Jamil Scalese: This comic is phenomenal. The art is great, the story is great, the whole thing is great. You should buy the first issue of The Twilight Children, person reading this. It will likely entertain you.
Oh, you were looking a deeper analysis? I guess we can do that.
When a trio of comics masters like Gilbert Hernandez, Darwyn Cook and Dave Stewart get together you can bank on the product being good. For me, that was true to the point that I only discovered the existence of this miniseries in the last few weeks and plucked it off the shelf without reading a solicit or even glancing at the interiors.
In a funny way those interiors did not surprise me at all; this was exactly at the level I thought it’d be. Mysterious, cute, humane, spooky, there are so many descriptors I could apply to this story of giant light orbs and a denizens of a unsuspecting beachside village. It’s got a vibe close to Warren Ellis and Jason Howard’s Trees but with firecracker character interaction of David Lapham’s Stray Bullets.
I loved the dialogue, it was the element that made this soar. Hernandez allowed himself to play coy with the plotline by showing us the rawness of the characters, none of which are particularly likeable, but all unquestionably protagonists.
Julia Walchuk: As Jamil said, none of these characters are very likeable, but I think that may be my favorite part. Because they all have flaws, they come across as believable and real.
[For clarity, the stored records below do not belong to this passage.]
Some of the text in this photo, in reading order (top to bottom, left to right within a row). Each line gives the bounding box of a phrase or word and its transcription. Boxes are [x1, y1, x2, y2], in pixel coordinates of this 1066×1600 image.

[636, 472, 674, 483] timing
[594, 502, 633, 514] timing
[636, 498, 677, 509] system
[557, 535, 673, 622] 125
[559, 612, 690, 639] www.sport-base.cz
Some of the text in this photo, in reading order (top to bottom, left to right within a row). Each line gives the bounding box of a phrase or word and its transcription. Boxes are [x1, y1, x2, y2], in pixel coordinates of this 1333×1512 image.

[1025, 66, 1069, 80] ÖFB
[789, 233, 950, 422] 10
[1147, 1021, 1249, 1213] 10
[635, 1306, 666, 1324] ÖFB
They aren’t idealized as being perfect citizens, but they also have made some pretty serious mistakes and aren’t condemned as completely irredeemable because of them. They are people, living their lives and doing their best.
Another thing I like a lot about this series was how seamlessly it moved into embracing supernatural elements. It starts out focusing on the interactions between a few of the people in the town and when glowing orbs begin showing up, the shift into the bigger mystery just seems to fit. I’ve read other titles lately where the inclusion of the supernatural throws me for a bit of a loop and interrupts the story that was already being established, but I did not feel that at all with The Twilight Children.
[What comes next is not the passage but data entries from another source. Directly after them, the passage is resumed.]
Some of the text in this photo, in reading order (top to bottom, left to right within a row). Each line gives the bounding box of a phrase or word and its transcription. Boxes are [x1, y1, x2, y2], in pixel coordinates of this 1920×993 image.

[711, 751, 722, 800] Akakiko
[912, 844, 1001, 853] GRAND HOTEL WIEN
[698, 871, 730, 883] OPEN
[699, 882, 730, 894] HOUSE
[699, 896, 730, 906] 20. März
The art style of this book is super intriguing as this story is dealing with serious issues, but it looks like an all ages story. While this seems like a combination that wouldn’t work incredibly well, it somehow does. A lot. The bright, bold art interacts with the story and emphasizes the idea that a lot of what is happening is seen through the eyes of the kids in town. My one worry with this is just making sure to keep it out of the hands of the littler kids at the comic store.
Overall, I was really impressed with The Twilight Children. It was a first issue that has me really excited for things to come!! It established the world and the conflict cleanly and with intrigue.
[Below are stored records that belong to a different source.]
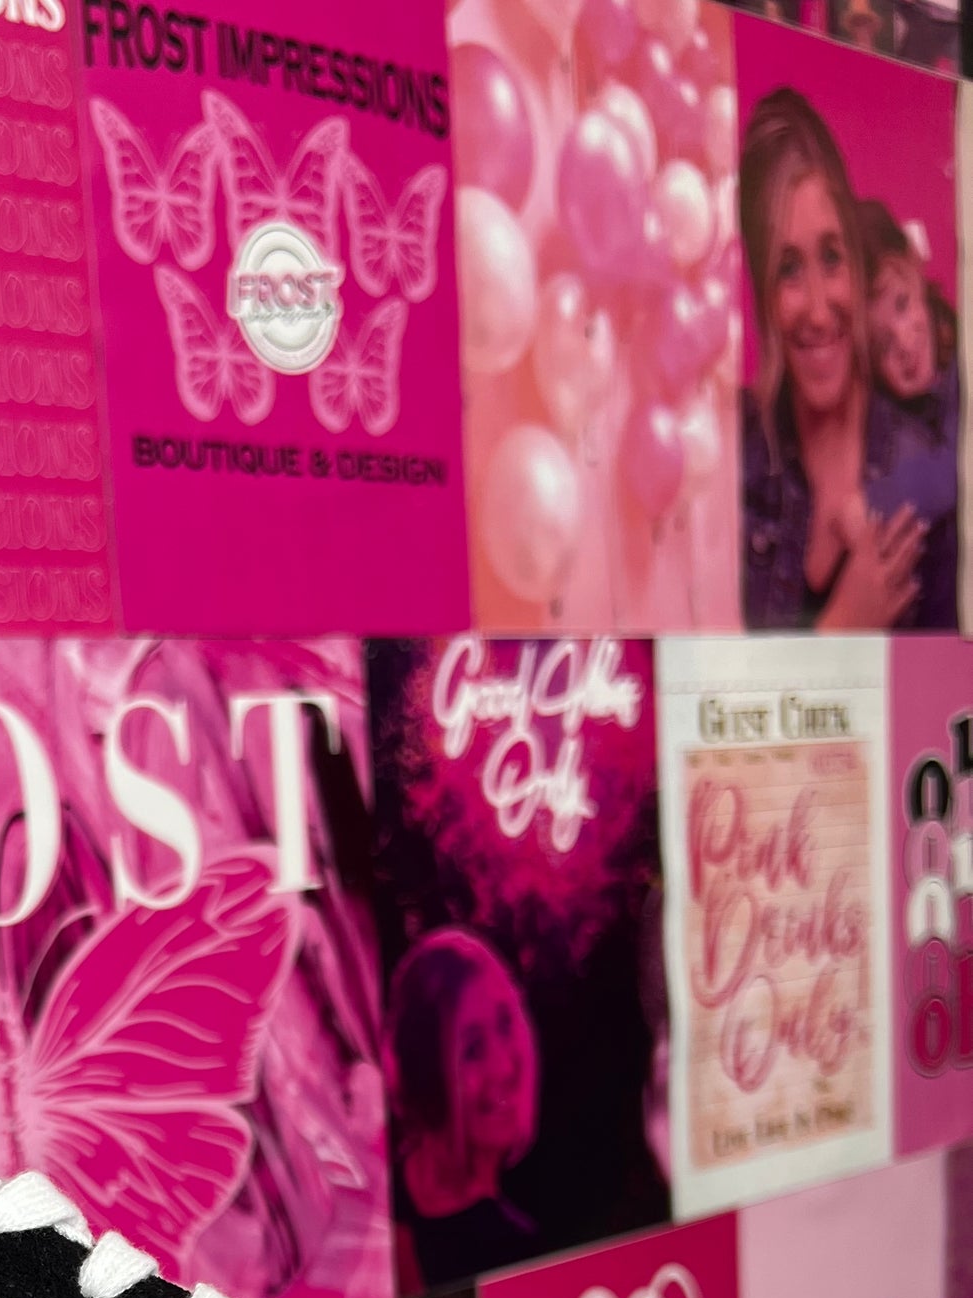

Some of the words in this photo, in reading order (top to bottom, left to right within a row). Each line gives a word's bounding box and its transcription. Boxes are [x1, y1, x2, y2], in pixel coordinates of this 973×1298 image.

[84, 0, 209, 76] FROST
[216, 22, 451, 140] IMPRESSIONS
[132, 434, 304, 479] BOUTIQUE
[309, 449, 334, 478] &
[337, 450, 449, 487] DESIGN
Jason Sacks: Yeah, Jamil and Julia, this comic is an intriguing first issue, with the mix of Hernandez and Cooke providing a spark of difference between this series and many of Hernandez’s other journeys into mysterious worlds. Gilbert’s delivered a few graphic novels over the last few years that play with similar themes to the ones we find in this issue, with common tropes around small town secrets, flawed lead characters and especially the often mysterious way that science reveals itself to people who don’t understand it. He’s tremendously adept at delivering lead characters who are broken in ways that we can understand (alcoholism, cheating on your spouse), then putting them at the center of mysteries that unfold in unpredictable ways.
Over the last few years, Gilbert’s art has followed Alex Toth’s principle of always making it simpler, so it seems a natural for him to team with Darwyn Cooke. Cooke has always used a minimum of lines to convey character and setting, and the combination of Hernandez and Cooke here provides a smooth sheen for the project, a clean-lined and sympathetic take on Hernandez’s tale. There are lovely character details and cute cartooning moments that emphasize the fact that Cooke and Hernandez are a team on this project.
There’s a whole lot of mystery in the story here: where do these glowing balls come from? Who is the mysterious naked blonde woman whose presence bookends this comic? Will the truth come out about Anton and Tito? Gilbert Hernandez’s comics always bring readers on an unexpected ride, and I’m anxious to see where this winds up.